Poplar Aquaporin PIP1;1 Promotes Arabidopsis Growth and Development

Overview

Journal BMC Plant Biol

Publisher Biomed Central

Specialty Biology

Date 2021 Jun 4

PMID 34082706

Citations 9

Authors

Huani Leng

Cheng Jiang

Xueqin Song

Mengzhu Lu

Xianchong Wan

Affiliations

Soon will be listed here.

Abstract

Background: Root hydraulic conductance is primarily determined by the conductance of living tissues to radial water flow. Plasma membrane intrinsic proteins (PIPs) in root cortical cells are important for plants to take up water and are believed to be directly involved in cell growth.
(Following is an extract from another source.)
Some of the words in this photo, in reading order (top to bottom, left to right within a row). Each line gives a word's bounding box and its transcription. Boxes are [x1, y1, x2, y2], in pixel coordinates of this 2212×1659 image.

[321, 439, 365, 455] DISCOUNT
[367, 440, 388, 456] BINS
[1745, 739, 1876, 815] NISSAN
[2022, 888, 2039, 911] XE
Results: In this study, we found that constitutive overexpression of the poplar root-specific gene PtoPIP1;1 in Arabidopsis accelerated bolting and flowering. At the early stage of the developmental process, PtoPIP1;1 OE Arabidopsis exhibited faster cell growth in both leaves and roots. The turgor pressure of plants was correspondingly increased in PtoPIP1;1 OE Arabidopsis, and the water status was changed. At the same time, the expression levels of flowering-related genes (CRY1, CRY2 and FCA) and hub genes in the regulatory networks underlying floral timing (FT and SOC1) were significantly upregulated in OE plants, while the floral repressor FLC gene was significantly downregulated.
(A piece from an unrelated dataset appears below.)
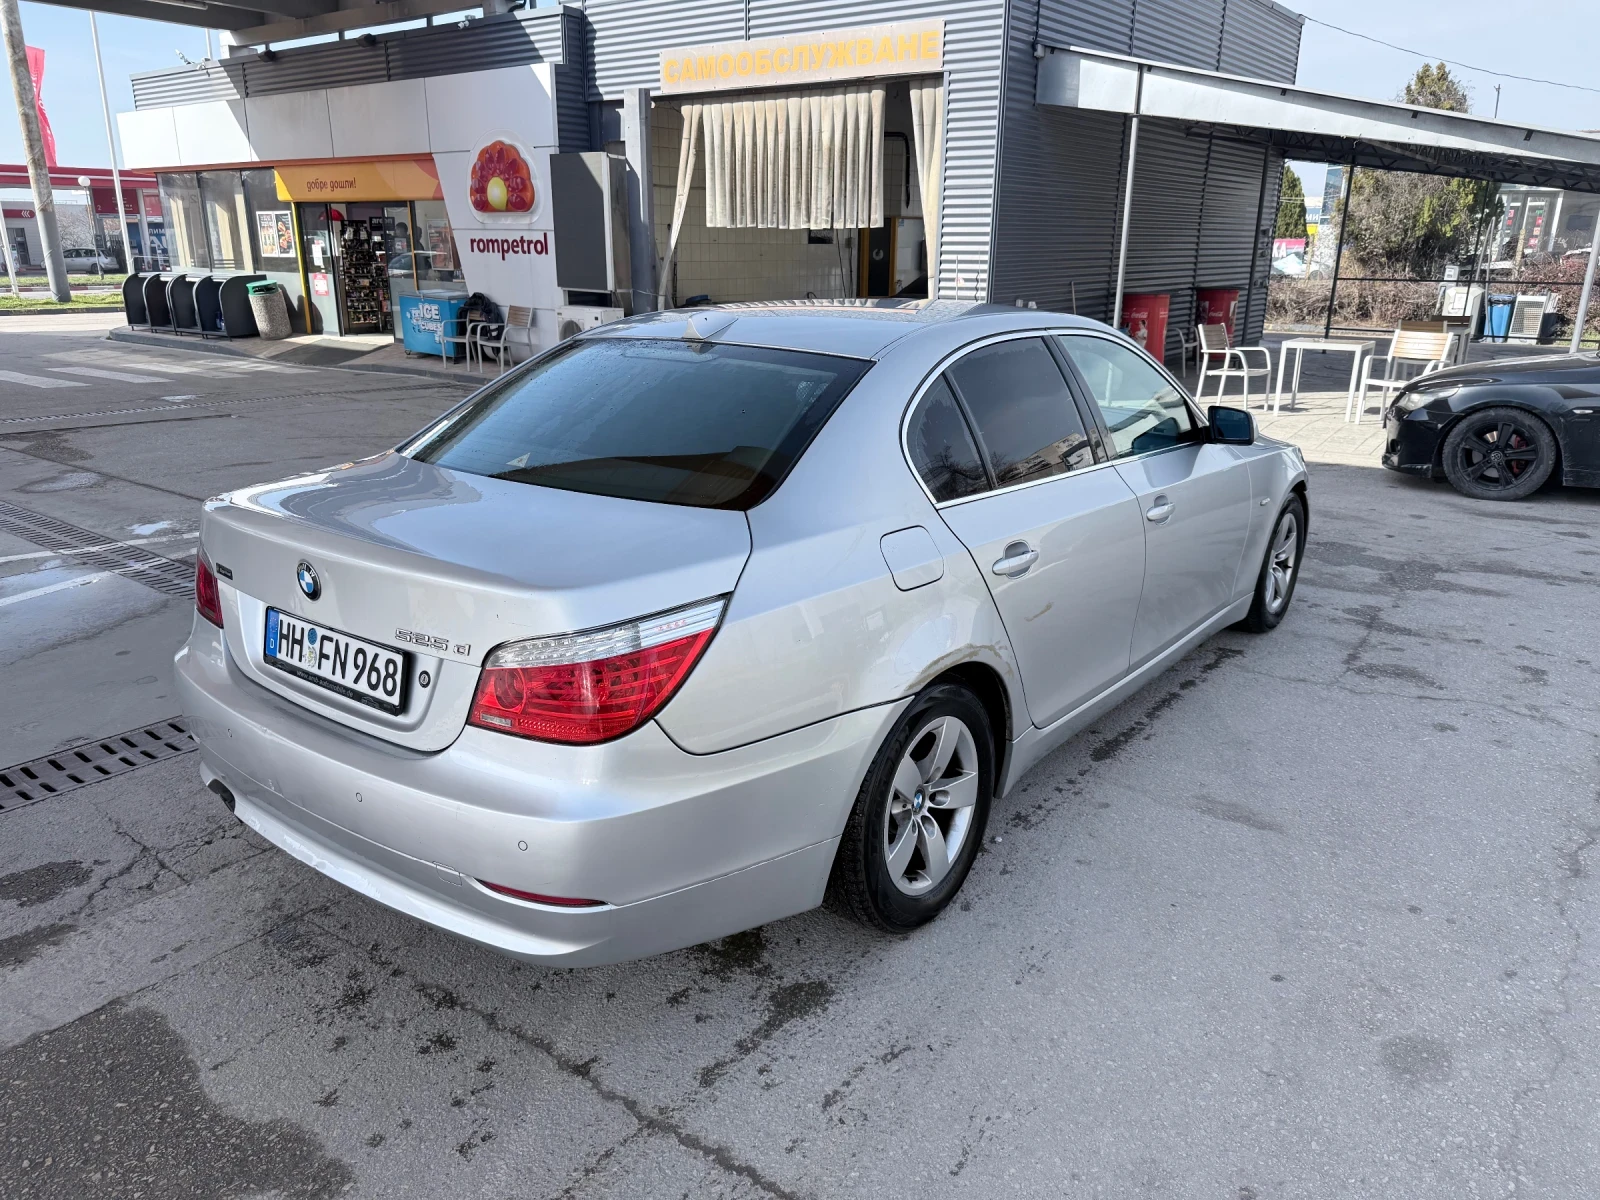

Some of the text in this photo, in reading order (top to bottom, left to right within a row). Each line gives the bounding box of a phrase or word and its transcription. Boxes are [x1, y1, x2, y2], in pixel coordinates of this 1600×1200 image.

Conclusions: Taken together, the results of our study indicate that constitutive overexpression of PtoPIP1;1 in Arabidopsis accelerates bolting and flowering through faster cell growth in both the leaf and root at an early stage of the developmental process. The autonomous pathway of flowering regulation may be executed by monitoring developmental age. The increase in turgor and changes in water status with PtoPIP1;1 overexpression play a role in promoting cell growth.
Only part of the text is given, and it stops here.